*_New York City, US, Monday 23 September 2019_* – His Excellency President Dr Julius Maada Bio has called on world leaders to take urgent action on climate change by fully implementing the Paris Agreement which he described as the blueprint.
Addressing world leaders at the United Nations General Assembly during the Climate Action Summit 2019 hosted by the United Nations Secretary-General, President Bio said that the impact of climate change is already adversely being felt by countries, especially those in the developing world.
He stated that: “Sierra Leone, for example, is rated as the third most vulnerable to the effects of climate change.”
The President also said that the threat of climate change was real and could be an impediment to achieving the Sustainable Development Goals. Reiterating Sierra Leone’s commitment to tackling climate change, the President said: “As a Party to the United Nations Framework Convention on Climate Change and the Paris Agreement, Sierra Leone joins the call for urgent and concerted action to stop the increase in emissions of Greenhouse gases by 2020”.

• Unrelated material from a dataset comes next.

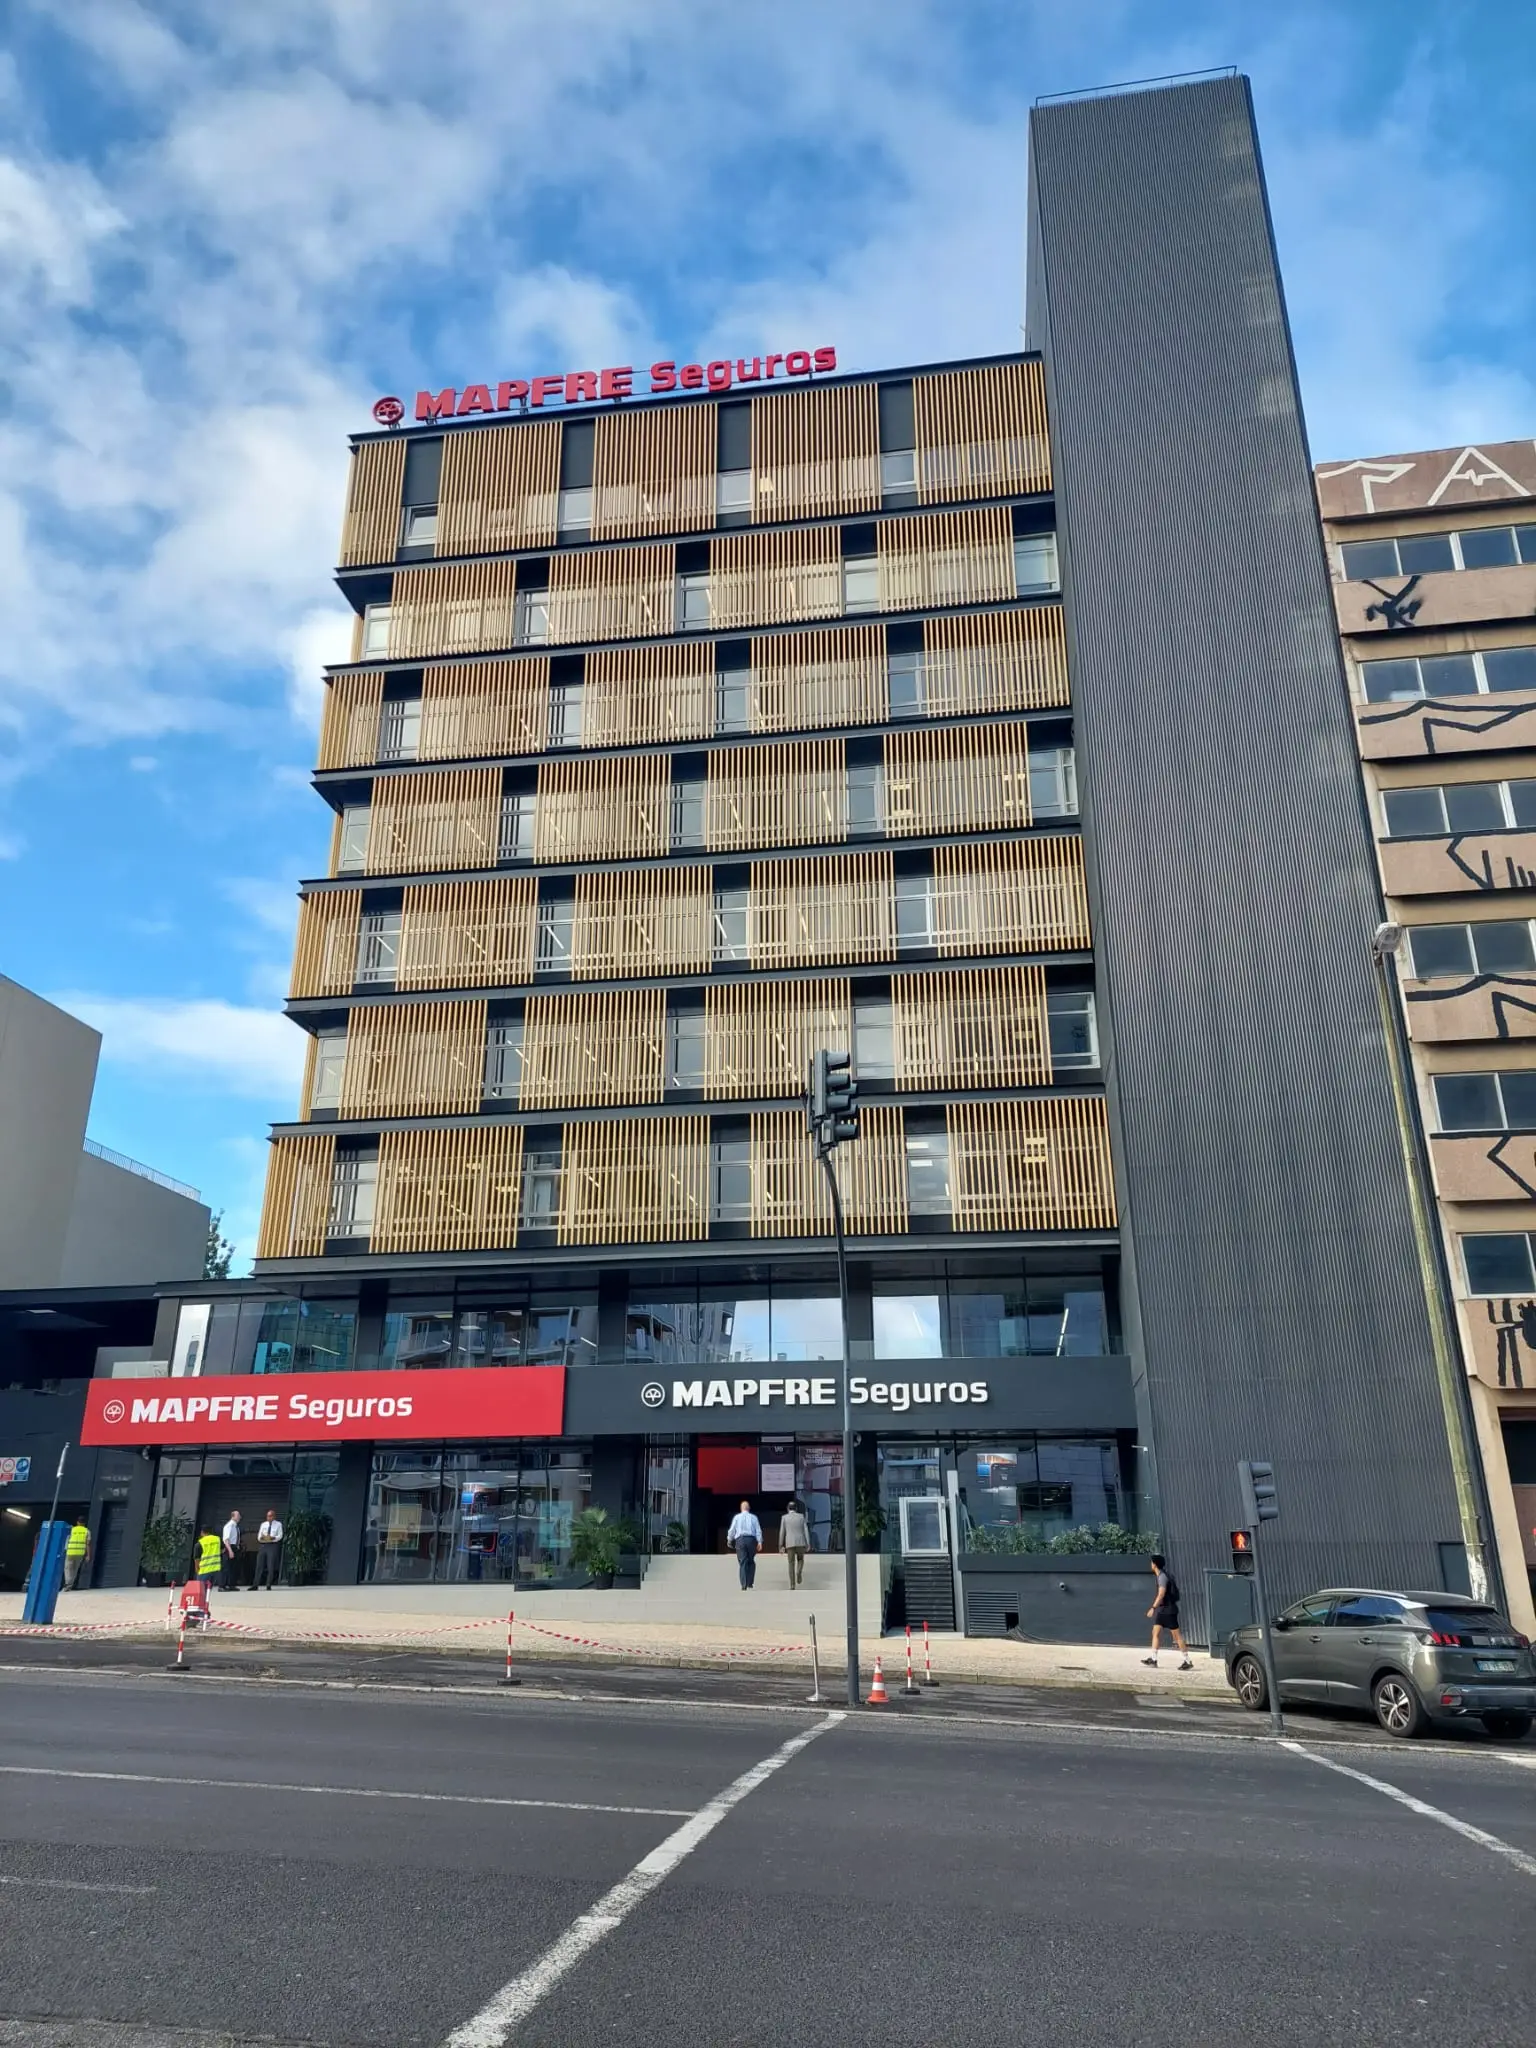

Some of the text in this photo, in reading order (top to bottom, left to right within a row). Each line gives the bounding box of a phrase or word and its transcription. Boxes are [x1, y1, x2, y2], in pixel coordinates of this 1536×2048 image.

[415, 346, 837, 421] MAPFRE Seguros
[130, 1394, 413, 1426] MAPFRE Seguros
[672, 1377, 988, 1411] MAPFRE Seguros
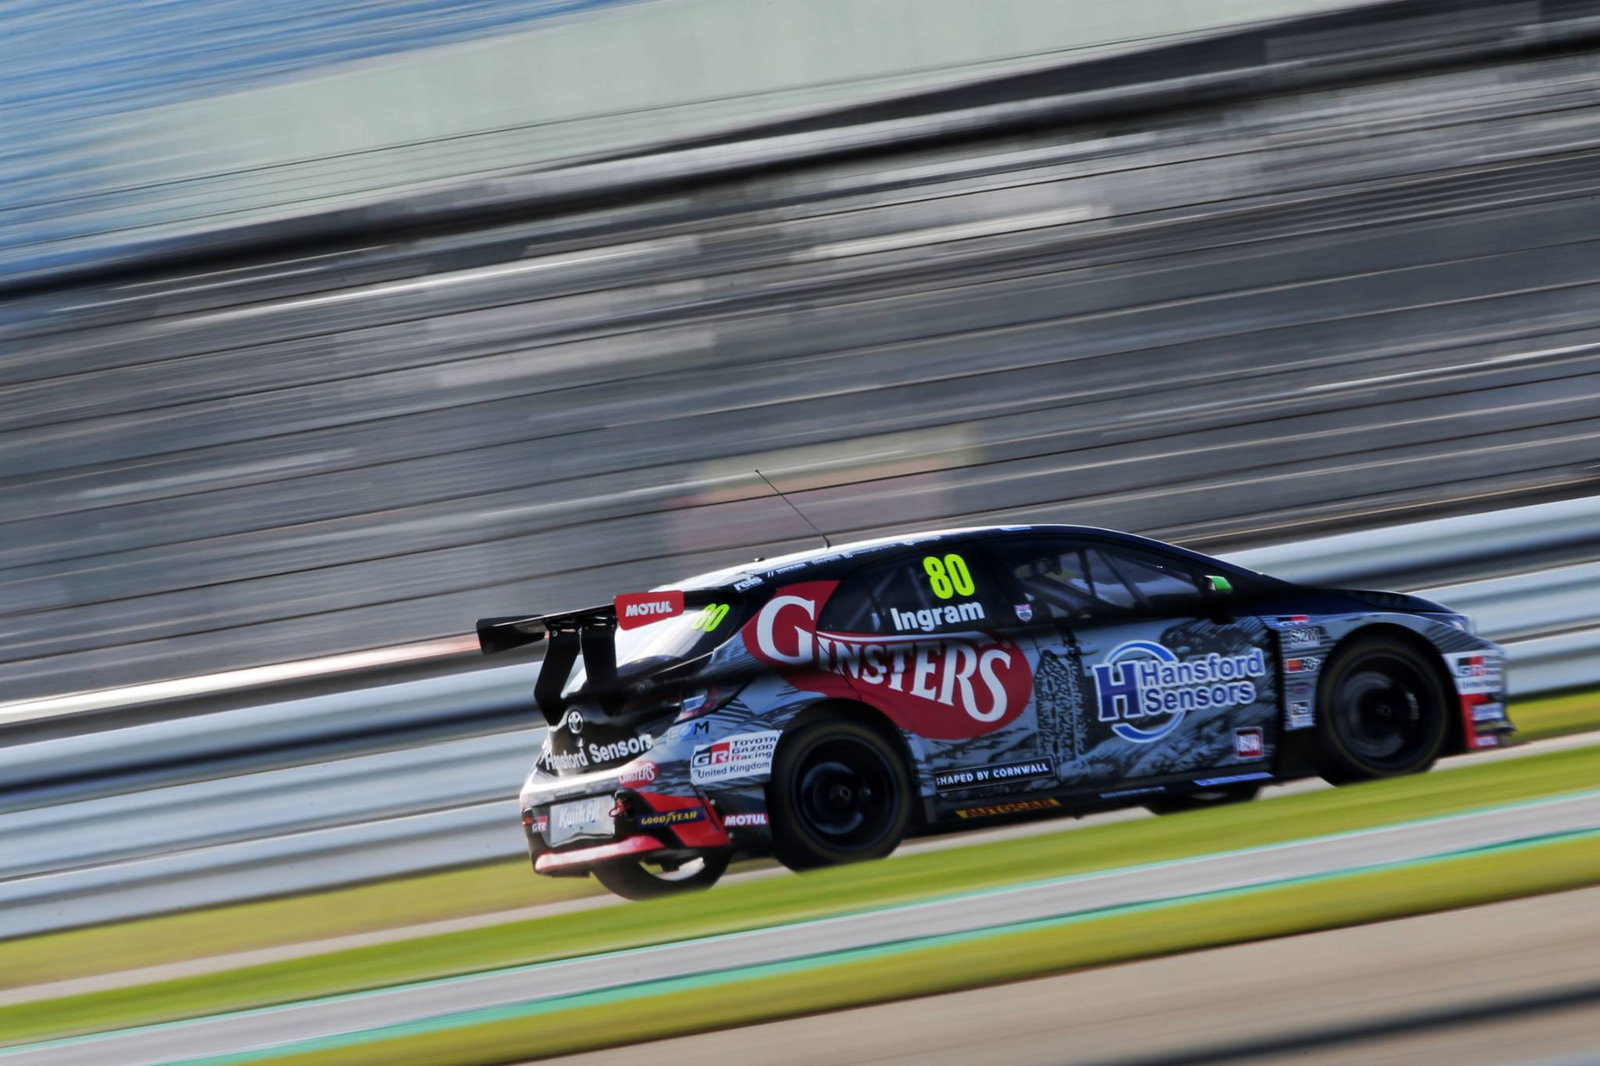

He also highlighted some of the actions his Government had taken to address climate change, including setting up early warning systems for climate resilience, mainstreaming climate resilience in the National Development Plan, establishing a National Appropriate Mitigation Action plan with pipeline programmes, planting over one hundred thousand trees as part of five-year plan to plant two million trees by 2023.
President Bio also expressed commitment to taking further actions to create, promote and facilitate markets for renewable energy technologies, mitigate greenhouse gas emissions due to thermal electricity generation, adding that the country would reduce methane emissions through improved waste management by landfilling, composting and recycling of waste as part of government’s implementation of the National Climate Change Financing Framework that would create a dedicated National Climate Change Fund.
“It is no gainsaying that my country, Sierra Leone, is a victim of actions that we have not contributed to. Paying the price both in terms of human lives, as well as the devastating impact on our development trajectory is unfair and unacceptable,” he said and called on developed and industrialised countries to scale up climate financing to support the urgent and immediate needs of vulnerable countries.
He ended by saying: “We remain committed to implementing Sierra Leone’s nationally determined engagements with a view to reducing the greenhouse emissions. It is a race we can win and a race we must win”.
The Climate Action Summit 2019 was formally opened by the United Nations Secretary-General, António Guterres, who warned world leaders that: “This is not a climate talk summit. We have had enough talk. This is not a climate negotiation summit. You don’t negotiate with nature. This is a climate action summit”.
Later, His Excellency President Dr Julius Maada Bio also visited the Sustainable Development Goals (SDG) Action Zone where SDG campaigners engaged him on various events to gather, share stories and lessons and devised plans to accelerate SDG action.